To identify potential biomarkers and explore the mechanisms underlying diabetic nephropathy (DN) by integrating machine learning, Mendelian randomization (MR) and experimental validation.
Microarray and RNA-sequencing datasets (GSE47184, GSE96804, GSE104948, GSE104954, GSE142025 and GSE175759) were obtained from the Gene Expression Omnibus database. Differential expression analysis identified the differentially expressed genes (DEGs) between patients with DN and controls. Diverse machine learning algorithms, including least absolute shrinkage and selection operator, support vector machine-recursive feature elimination, and random forest, were used to enhance gene selection accuracy and predictive power. We integrated summary-level data from genome-wide association studies on DN with expression quantitative trait loci data to identify genes with potential causal relationships to DN. The predictive performance of the biomarker gene was validated using receiver operating characteristic (ROC) curves. Gene set enrichment and correlation analyses were conducted to investigate potential mechanisms. Finally, the biomarker gene was validated using quantitative real-time polymerase chain reaction in clinical samples from patients with DN and controls.
Based on identified 314 DEGs, seven characteristic genes with high predictive performance were identified using three integrated machine learning algorithms. MR analysis revealed 219 genes with significant causal effects on DN, ultimately identifying one co-expressed gene, carbonic anhydrase II (CA2), as a key biomarker for DN. The ROC curves demonstrated the excellent predictive performance of CA2, with area under the curve values consistently above 0.878 across all datasets. Additionally, our analysis indicated a significant association between CA2 and infiltrating immune cells in DN, providing potential mechanistic insights. This biomarker was validated using clinical samples, confirming the reliability of our findings in clinical practice.
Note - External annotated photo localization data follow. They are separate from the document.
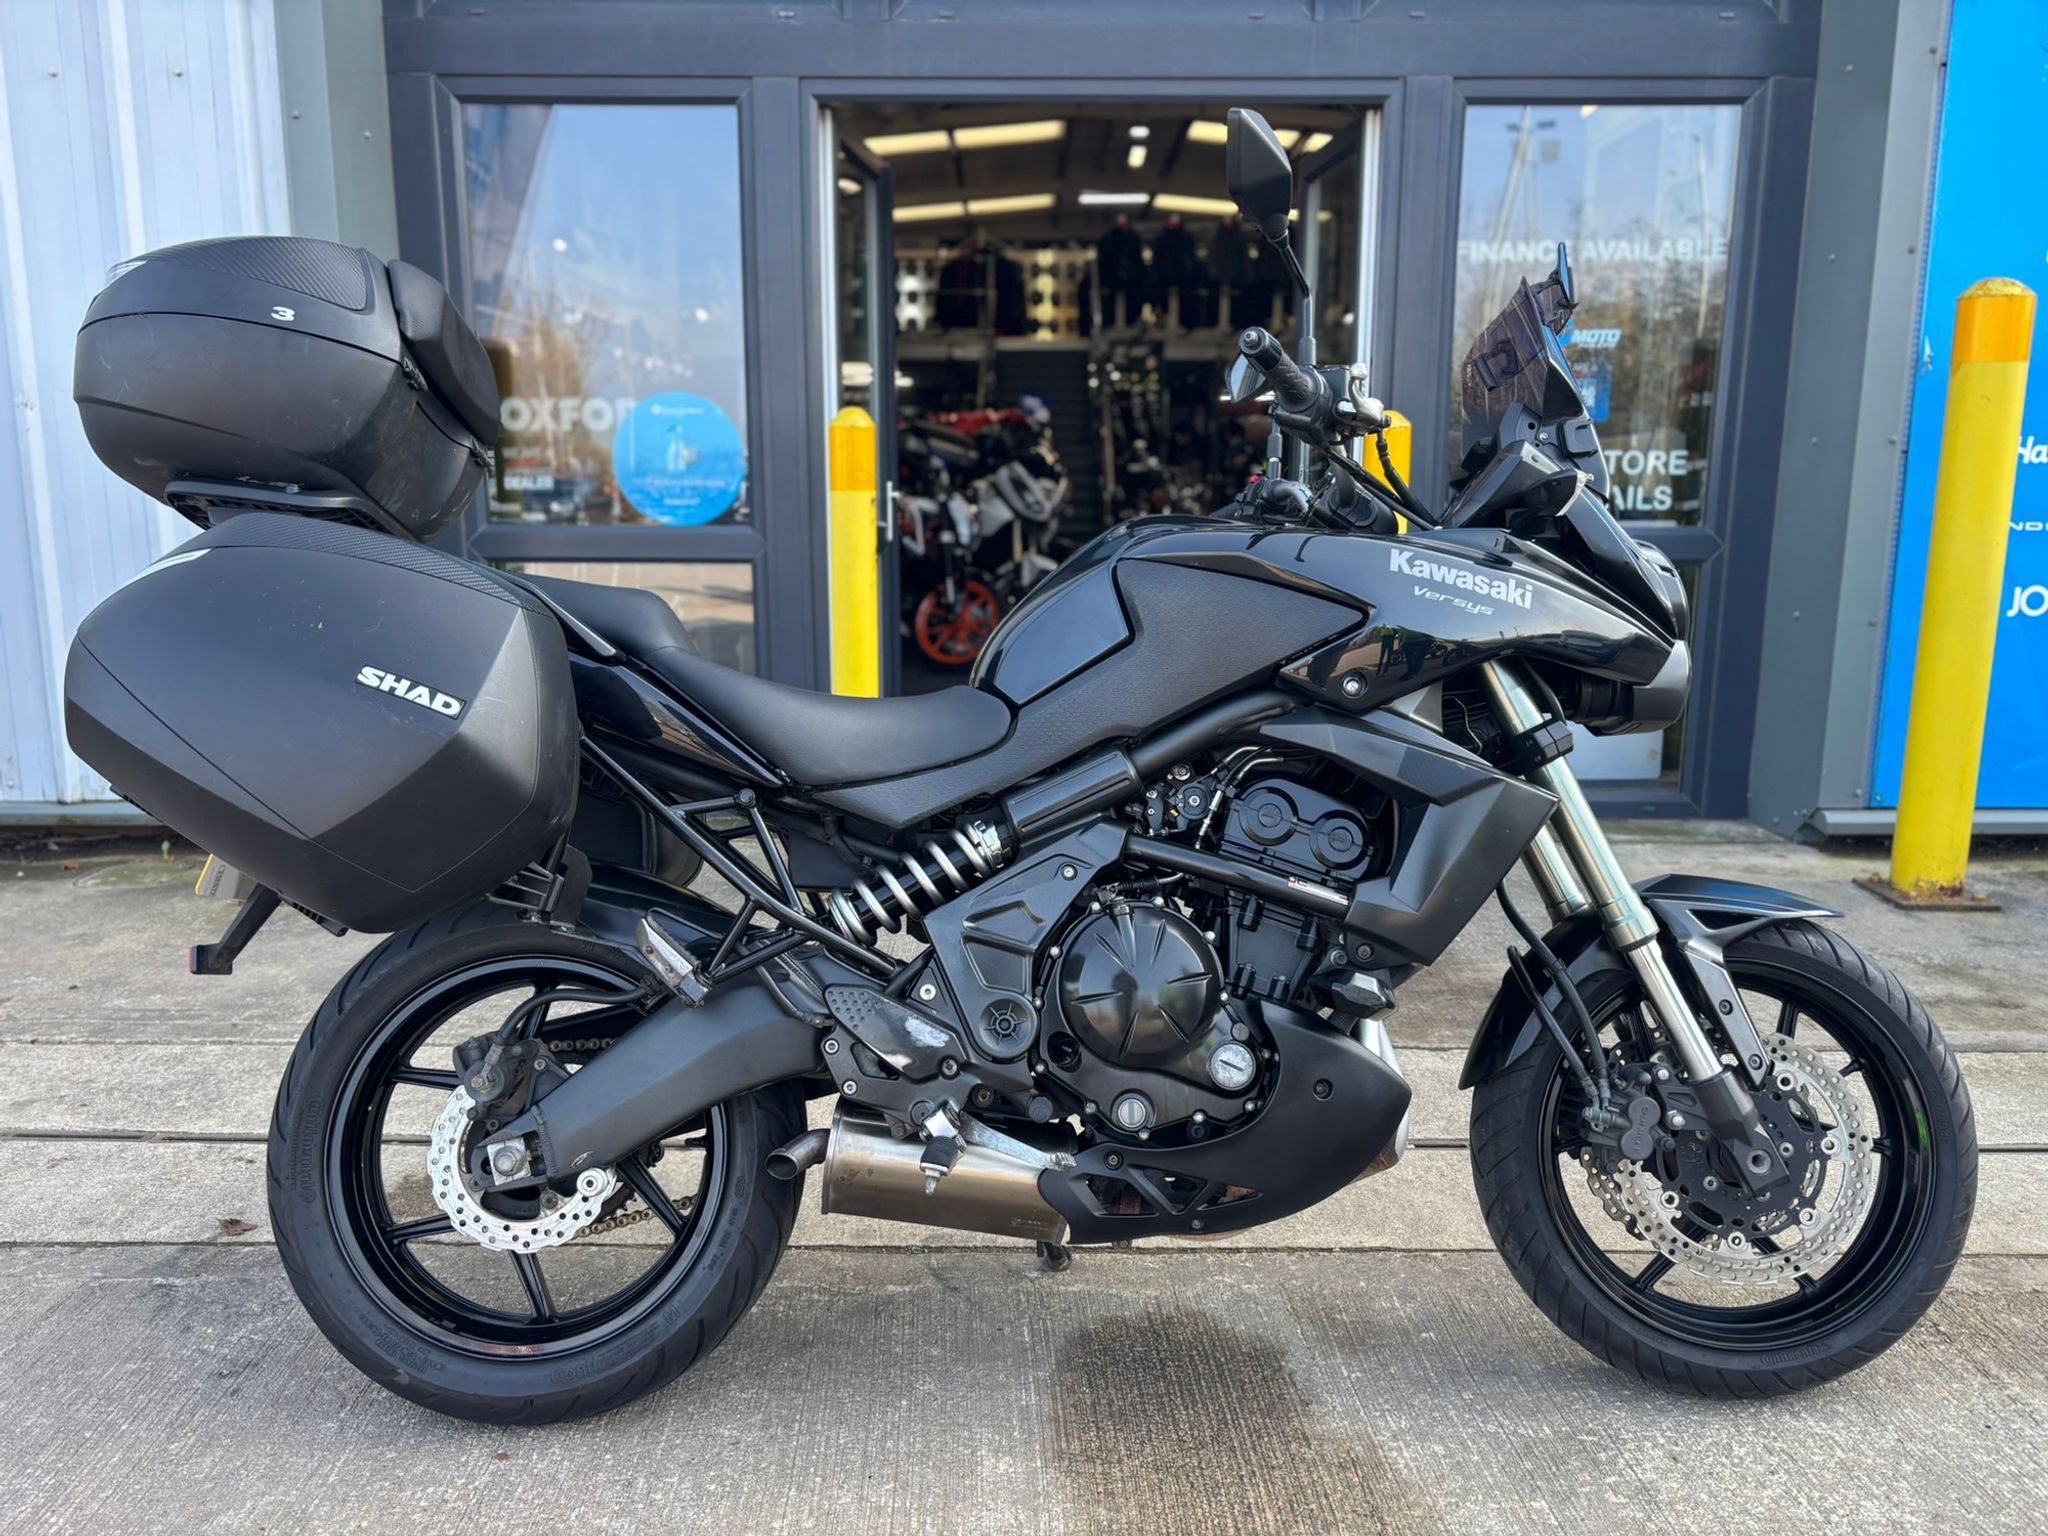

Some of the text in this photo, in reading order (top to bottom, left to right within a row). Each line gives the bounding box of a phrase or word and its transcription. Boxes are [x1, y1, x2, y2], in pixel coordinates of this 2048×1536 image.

[1579, 239, 1727, 262] AVAILABLE
[500, 396, 638, 432] OXFO
[1604, 449, 1688, 476] TORE
[1607, 485, 1673, 511] AILS
[1390, 548, 1533, 609] Kawasaki
[356, 666, 461, 716] SHAD
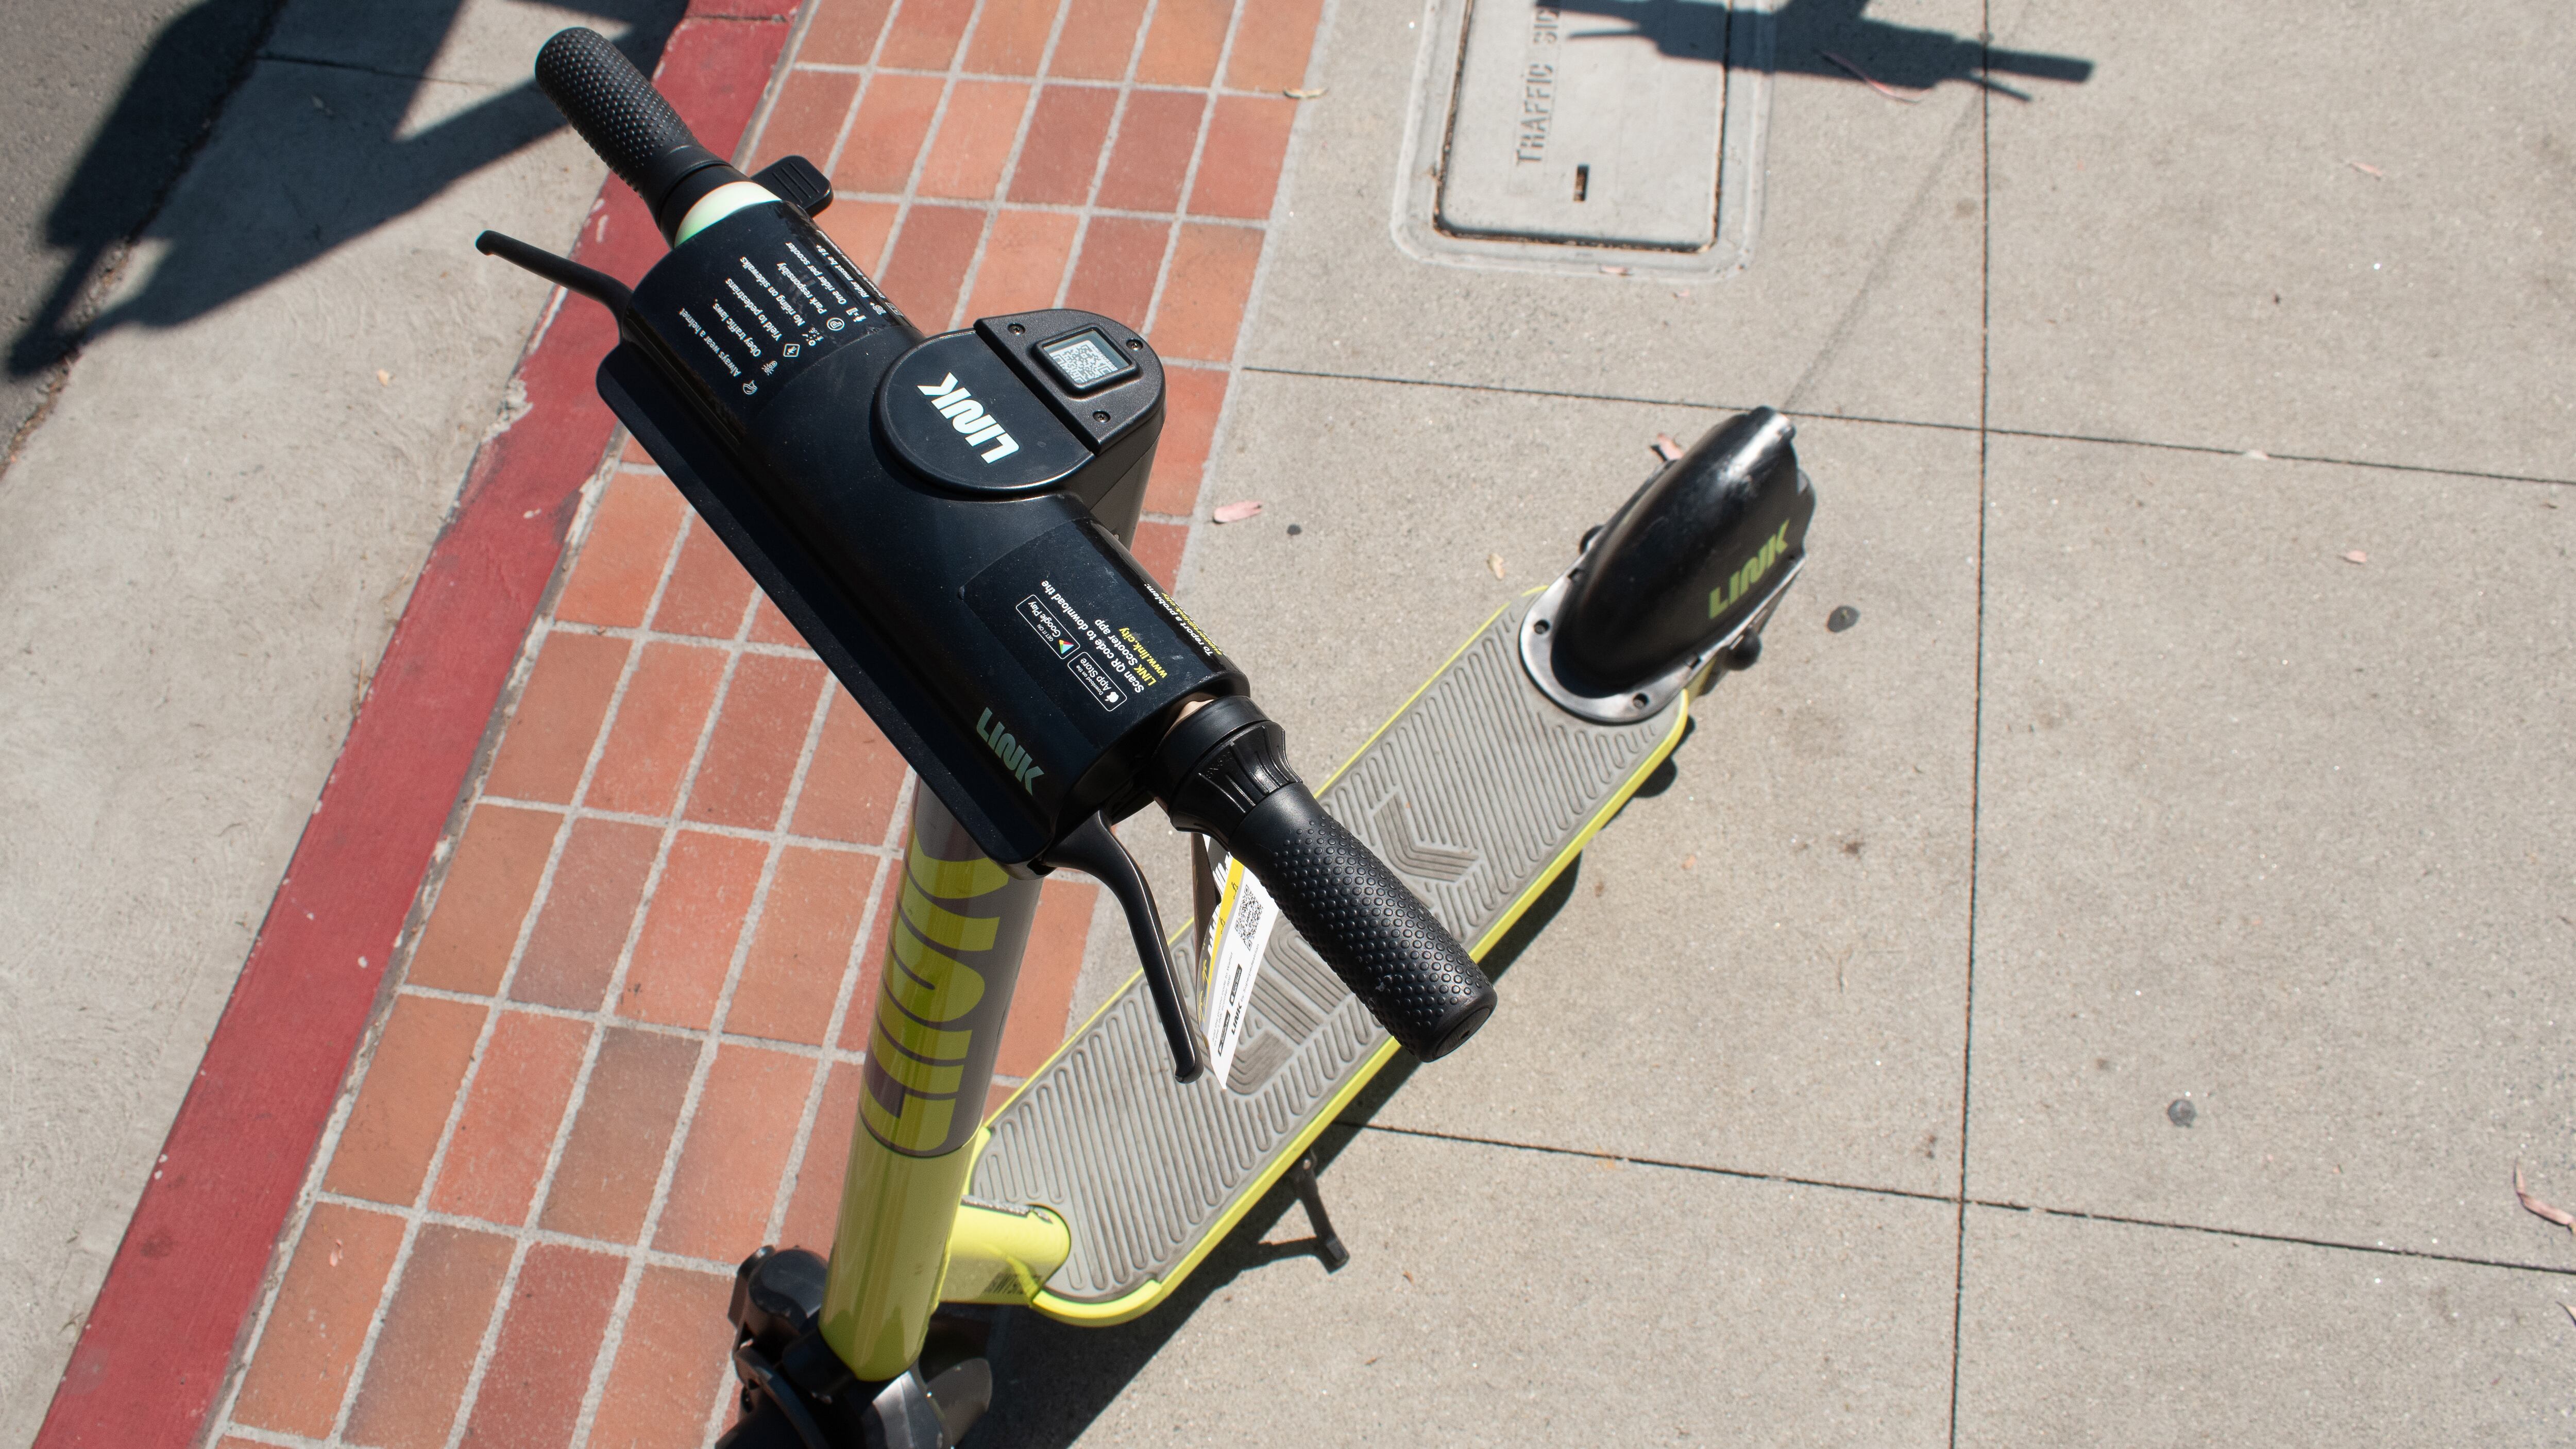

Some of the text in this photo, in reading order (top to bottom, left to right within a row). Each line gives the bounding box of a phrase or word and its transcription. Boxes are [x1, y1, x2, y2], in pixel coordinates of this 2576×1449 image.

[1516, 63, 1553, 166] TRAFFIC
[816, 245, 829, 257] 18+
[827, 257, 838, 265] be
[776, 262, 827, 314] Park responsibly
[785, 242, 847, 305] One rider per scooter
[834, 265, 854, 281] must
[740, 256, 806, 326] No riding on sidewalks
[851, 281, 870, 298] Rider
[679, 308, 702, 334] helmet
[725, 278, 782, 341] Yield to pedestrians
[703, 336, 720, 354] wear
[726, 318, 747, 340] traffic
[743, 337, 761, 357] Obey
[718, 351, 741, 377] Always
[917, 372, 1020, 464] LINK
[1708, 519, 1790, 620] LINK
[1144, 583, 1179, 615] problem:
[1028, 601, 1061, 637] Google Play
[1180, 622, 1205, 645] report
[1041, 580, 1144, 693] Scan QR code to download the
[1045, 633, 1054, 642] GET
[1094, 619, 1157, 686] LINK Scooter app
[1203, 647, 1213, 655] To
[1118, 628, 1167, 678] www.link.city
[1080, 658, 1112, 691] App Store
[1086, 676, 1104, 696] Download
[976, 707, 1044, 796] LINK
[1231, 1002, 1242, 1035] LINK
By integrating machine learning, MR and experimental validation, we successfully identified and validated CA2 as a promising biomarker for DN with excellent predictive performance. The biomarker may play a role in the pathogenesis and progression of DN via immune-related pathways. These findings provide important insights into the molecular mechanisms underlying DN and may inform the development of personalized treatment strategies for this disease.